DATA SECTION —
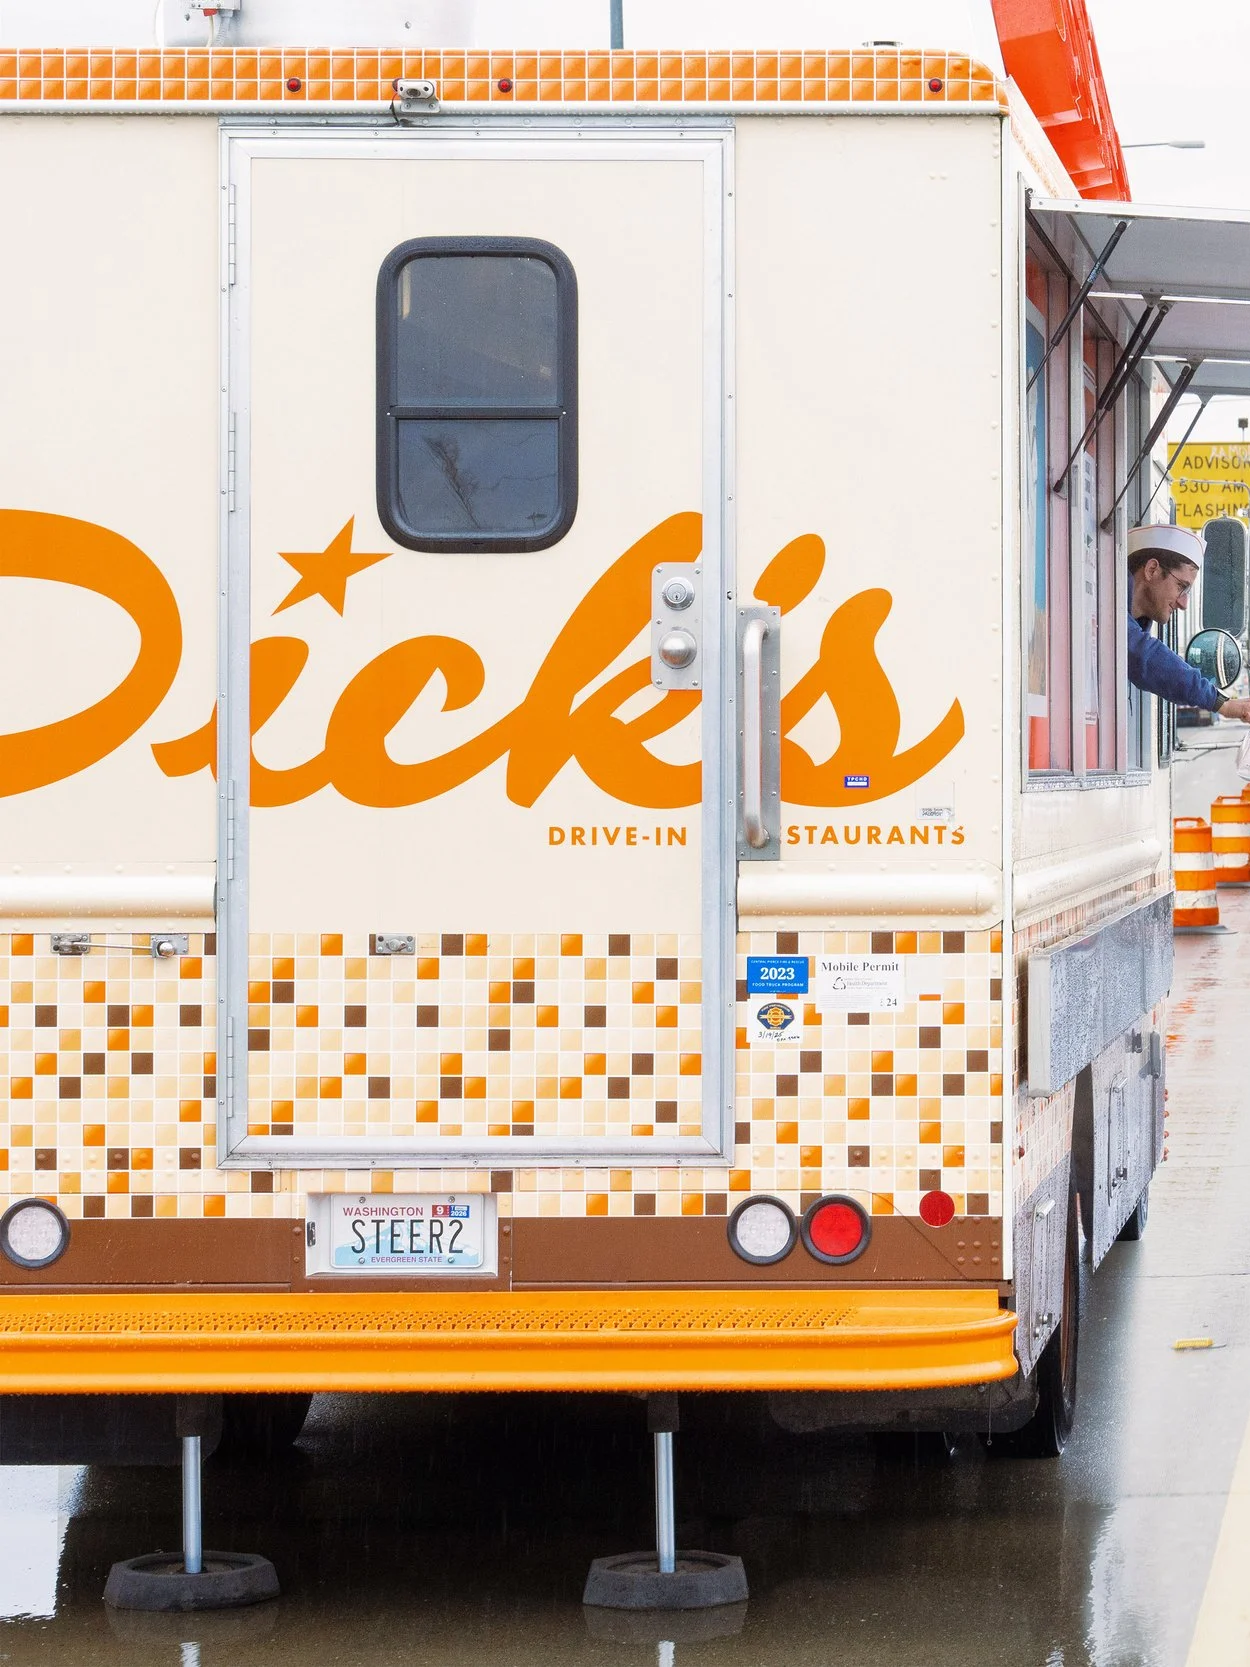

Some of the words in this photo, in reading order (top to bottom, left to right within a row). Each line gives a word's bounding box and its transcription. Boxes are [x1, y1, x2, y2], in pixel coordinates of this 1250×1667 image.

[1221, 479, 1245, 493] AM
[548, 826, 688, 846] DRIVE-IN
[821, 962, 859, 971] Mobile
[862, 961, 899, 972] Permit
[760, 967, 795, 980] 2023
[343, 1206, 424, 1217] WASHINGTON
[436, 1205, 445, 1216] 9
[351, 1219, 464, 1254] STEER2

PROMPT —
Give an exact copy of the data, and omit any pictures it holds.

ANSWER SECTION —
Some of the words in this photo, in reading order (top to bottom, left to right within a row). Each line gives a word's bounding box and its transcription. Boxes are [x1, y1, x2, y2], in pixel coordinates of this 1250×1667 image.

[1221, 479, 1245, 493] AM
[548, 826, 688, 846] DRIVE-IN
[821, 962, 859, 971] Mobile
[862, 961, 899, 972] Permit
[760, 967, 795, 980] 2023
[343, 1206, 424, 1217] WASHINGTON
[436, 1205, 445, 1216] 9
[351, 1219, 464, 1254] STEER2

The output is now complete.